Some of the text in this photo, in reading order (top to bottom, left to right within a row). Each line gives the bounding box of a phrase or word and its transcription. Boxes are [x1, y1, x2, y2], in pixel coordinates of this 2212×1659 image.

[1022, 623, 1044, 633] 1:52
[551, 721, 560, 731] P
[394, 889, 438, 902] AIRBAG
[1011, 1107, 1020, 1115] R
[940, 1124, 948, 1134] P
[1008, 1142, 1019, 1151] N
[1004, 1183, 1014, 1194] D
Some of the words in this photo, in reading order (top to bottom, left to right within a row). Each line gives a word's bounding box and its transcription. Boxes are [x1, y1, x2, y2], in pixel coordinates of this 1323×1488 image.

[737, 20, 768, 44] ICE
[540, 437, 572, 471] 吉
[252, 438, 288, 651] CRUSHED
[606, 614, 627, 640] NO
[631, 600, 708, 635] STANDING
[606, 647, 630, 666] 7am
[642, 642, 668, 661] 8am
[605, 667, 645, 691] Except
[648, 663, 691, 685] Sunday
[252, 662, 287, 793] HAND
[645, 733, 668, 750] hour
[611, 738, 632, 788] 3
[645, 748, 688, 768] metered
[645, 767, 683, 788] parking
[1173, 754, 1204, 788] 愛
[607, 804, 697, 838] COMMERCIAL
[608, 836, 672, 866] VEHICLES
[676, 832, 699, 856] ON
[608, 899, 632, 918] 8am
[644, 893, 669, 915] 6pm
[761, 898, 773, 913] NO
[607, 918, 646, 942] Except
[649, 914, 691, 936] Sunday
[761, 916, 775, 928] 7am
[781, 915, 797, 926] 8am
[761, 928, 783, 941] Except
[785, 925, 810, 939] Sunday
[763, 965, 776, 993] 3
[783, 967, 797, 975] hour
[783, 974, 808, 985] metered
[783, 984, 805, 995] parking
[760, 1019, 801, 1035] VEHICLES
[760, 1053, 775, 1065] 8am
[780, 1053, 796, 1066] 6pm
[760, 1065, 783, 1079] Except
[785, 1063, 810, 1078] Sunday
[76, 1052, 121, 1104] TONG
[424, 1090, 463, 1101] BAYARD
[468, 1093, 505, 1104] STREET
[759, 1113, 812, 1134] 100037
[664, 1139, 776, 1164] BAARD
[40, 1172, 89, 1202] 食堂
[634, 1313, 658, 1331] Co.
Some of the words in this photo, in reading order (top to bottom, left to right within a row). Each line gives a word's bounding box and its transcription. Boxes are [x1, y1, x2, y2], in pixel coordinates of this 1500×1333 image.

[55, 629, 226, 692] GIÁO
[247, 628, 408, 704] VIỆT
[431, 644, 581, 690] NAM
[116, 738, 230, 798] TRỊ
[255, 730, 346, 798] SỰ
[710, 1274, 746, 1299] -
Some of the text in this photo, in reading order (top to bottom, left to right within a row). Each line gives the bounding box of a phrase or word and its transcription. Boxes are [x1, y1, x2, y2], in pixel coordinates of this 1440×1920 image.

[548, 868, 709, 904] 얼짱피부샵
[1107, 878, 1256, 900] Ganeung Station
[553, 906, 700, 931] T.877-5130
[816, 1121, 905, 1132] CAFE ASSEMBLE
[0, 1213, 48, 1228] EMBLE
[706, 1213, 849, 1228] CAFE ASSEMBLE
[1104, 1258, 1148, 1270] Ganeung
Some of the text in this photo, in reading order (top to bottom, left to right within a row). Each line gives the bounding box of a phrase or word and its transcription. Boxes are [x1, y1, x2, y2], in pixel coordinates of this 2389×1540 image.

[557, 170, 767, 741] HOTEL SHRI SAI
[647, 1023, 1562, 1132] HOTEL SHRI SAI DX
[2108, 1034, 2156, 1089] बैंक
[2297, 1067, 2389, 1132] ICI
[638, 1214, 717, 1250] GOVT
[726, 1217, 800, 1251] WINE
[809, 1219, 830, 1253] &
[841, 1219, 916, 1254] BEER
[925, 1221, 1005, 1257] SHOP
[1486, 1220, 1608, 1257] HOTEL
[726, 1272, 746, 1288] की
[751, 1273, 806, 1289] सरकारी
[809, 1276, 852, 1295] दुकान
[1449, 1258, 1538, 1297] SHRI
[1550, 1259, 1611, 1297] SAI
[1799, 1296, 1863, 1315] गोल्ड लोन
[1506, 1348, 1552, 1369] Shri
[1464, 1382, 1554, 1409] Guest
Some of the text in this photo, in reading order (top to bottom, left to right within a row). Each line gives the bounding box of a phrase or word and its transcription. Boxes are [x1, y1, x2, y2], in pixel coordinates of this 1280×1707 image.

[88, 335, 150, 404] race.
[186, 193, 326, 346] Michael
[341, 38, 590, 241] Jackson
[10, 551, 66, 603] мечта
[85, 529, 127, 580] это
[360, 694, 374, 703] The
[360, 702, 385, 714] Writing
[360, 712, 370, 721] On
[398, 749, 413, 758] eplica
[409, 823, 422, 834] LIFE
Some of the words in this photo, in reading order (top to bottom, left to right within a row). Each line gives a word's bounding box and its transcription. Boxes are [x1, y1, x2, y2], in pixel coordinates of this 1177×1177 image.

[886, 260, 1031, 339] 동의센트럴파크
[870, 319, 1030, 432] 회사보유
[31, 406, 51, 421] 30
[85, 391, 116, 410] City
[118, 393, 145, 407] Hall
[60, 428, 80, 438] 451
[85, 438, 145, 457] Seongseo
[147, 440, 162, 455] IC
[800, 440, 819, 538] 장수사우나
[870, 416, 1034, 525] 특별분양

· · · · · · ·

Every record should be repeated exactly; please leave none out.

Some of the text in this photo, in reading order (top to bottom, left to right within a row). Each line gives the bounding box of a phrase or word and its transcription. Boxes are [x1, y1, x2, y2], in pixel coordinates of this 2212×1659 image.

[1022, 623, 1044, 633] 1:52
[551, 721, 560, 731] P
[394, 889, 438, 902] AIRBAG
[1011, 1107, 1020, 1115] R
[940, 1124, 948, 1134] P
[1008, 1142, 1019, 1151] N
[1004, 1183, 1014, 1194] D
Some of the words in this photo, in reading order (top to bottom, left to right within a row). Each line gives a word's bounding box and its transcription. Boxes are [x1, y1, x2, y2], in pixel coordinates of this 1323×1488 image.

[737, 20, 768, 44] ICE
[540, 437, 572, 471] 吉
[252, 438, 288, 651] CRUSHED
[606, 614, 627, 640] NO
[631, 600, 708, 635] STANDING
[606, 647, 630, 666] 7am
[642, 642, 668, 661] 8am
[605, 667, 645, 691] Except
[648, 663, 691, 685] Sunday
[252, 662, 287, 793] HAND
[645, 733, 668, 750] hour
[611, 738, 632, 788] 3
[645, 748, 688, 768] metered
[645, 767, 683, 788] parking
[1173, 754, 1204, 788] 愛
[607, 804, 697, 838] COMMERCIAL
[608, 836, 672, 866] VEHICLES
[676, 832, 699, 856] ON
[608, 899, 632, 918] 8am
[644, 893, 669, 915] 6pm
[761, 898, 773, 913] NO
[607, 918, 646, 942] Except
[649, 914, 691, 936] Sunday
[761, 916, 775, 928] 7am
[781, 915, 797, 926] 8am
[761, 928, 783, 941] Except
[785, 925, 810, 939] Sunday
[763, 965, 776, 993] 3
[783, 967, 797, 975] hour
[783, 974, 808, 985] metered
[783, 984, 805, 995] parking
[760, 1019, 801, 1035] VEHICLES
[760, 1053, 775, 1065] 8am
[780, 1053, 796, 1066] 6pm
[760, 1065, 783, 1079] Except
[785, 1063, 810, 1078] Sunday
[76, 1052, 121, 1104] TONG
[424, 1090, 463, 1101] BAYARD
[468, 1093, 505, 1104] STREET
[759, 1113, 812, 1134] 100037
[664, 1139, 776, 1164] BAARD
[40, 1172, 89, 1202] 食堂
[634, 1313, 658, 1331] Co.
Some of the words in this photo, in reading order (top to bottom, left to right within a row). Each line gives a word's bounding box and its transcription. Boxes are [x1, y1, x2, y2], in pixel coordinates of this 1500×1333 image.

[55, 629, 226, 692] GIÁO
[247, 628, 408, 704] VIỆT
[431, 644, 581, 690] NAM
[116, 738, 230, 798] TRỊ
[255, 730, 346, 798] SỰ
[710, 1274, 746, 1299] -
Some of the text in this photo, in reading order (top to bottom, left to right within a row). Each line gives the bounding box of a phrase or word and its transcription. Boxes are [x1, y1, x2, y2], in pixel coordinates of this 1440×1920 image.

[548, 868, 709, 904] 얼짱피부샵
[1107, 878, 1256, 900] Ganeung Station
[553, 906, 700, 931] T.877-5130
[816, 1121, 905, 1132] CAFE ASSEMBLE
[0, 1213, 48, 1228] EMBLE
[706, 1213, 849, 1228] CAFE ASSEMBLE
[1104, 1258, 1148, 1270] Ganeung
Some of the text in this photo, in reading order (top to bottom, left to right within a row). Each line gives the bounding box of a phrase or word and its transcription. Boxes are [x1, y1, x2, y2], in pixel coordinates of this 2389×1540 image.

[557, 170, 767, 741] HOTEL SHRI SAI
[647, 1023, 1562, 1132] HOTEL SHRI SAI DX
[2108, 1034, 2156, 1089] बैंक
[2297, 1067, 2389, 1132] ICI
[638, 1214, 717, 1250] GOVT
[726, 1217, 800, 1251] WINE
[809, 1219, 830, 1253] &
[841, 1219, 916, 1254] BEER
[925, 1221, 1005, 1257] SHOP
[1486, 1220, 1608, 1257] HOTEL
[726, 1272, 746, 1288] की
[751, 1273, 806, 1289] सरकारी
[809, 1276, 852, 1295] दुकान
[1449, 1258, 1538, 1297] SHRI
[1550, 1259, 1611, 1297] SAI
[1799, 1296, 1863, 1315] गोल्ड लोन
[1506, 1348, 1552, 1369] Shri
[1464, 1382, 1554, 1409] Guest
Some of the text in this photo, in reading order (top to bottom, left to right within a row). Each line gives the bounding box of a phrase or word and its transcription. Boxes are [x1, y1, x2, y2], in pixel coordinates of this 1280×1707 image.

[88, 335, 150, 404] race.
[186, 193, 326, 346] Michael
[341, 38, 590, 241] Jackson
[10, 551, 66, 603] мечта
[85, 529, 127, 580] это
[360, 694, 374, 703] The
[360, 702, 385, 714] Writing
[360, 712, 370, 721] On
[398, 749, 413, 758] eplica
[409, 823, 422, 834] LIFE
Some of the words in this photo, in reading order (top to bottom, left to right within a row). Each line gives a word's bounding box and its transcription. Boxes are [x1, y1, x2, y2], in pixel coordinates of this 1177×1177 image.

[886, 260, 1031, 339] 동의센트럴파크
[870, 319, 1030, 432] 회사보유
[31, 406, 51, 421] 30
[85, 391, 116, 410] City
[118, 393, 145, 407] Hall
[60, 428, 80, 438] 451
[85, 438, 145, 457] Seongseo
[147, 440, 162, 455] IC
[800, 440, 819, 538] 장수사우나
[870, 416, 1034, 525] 특별분양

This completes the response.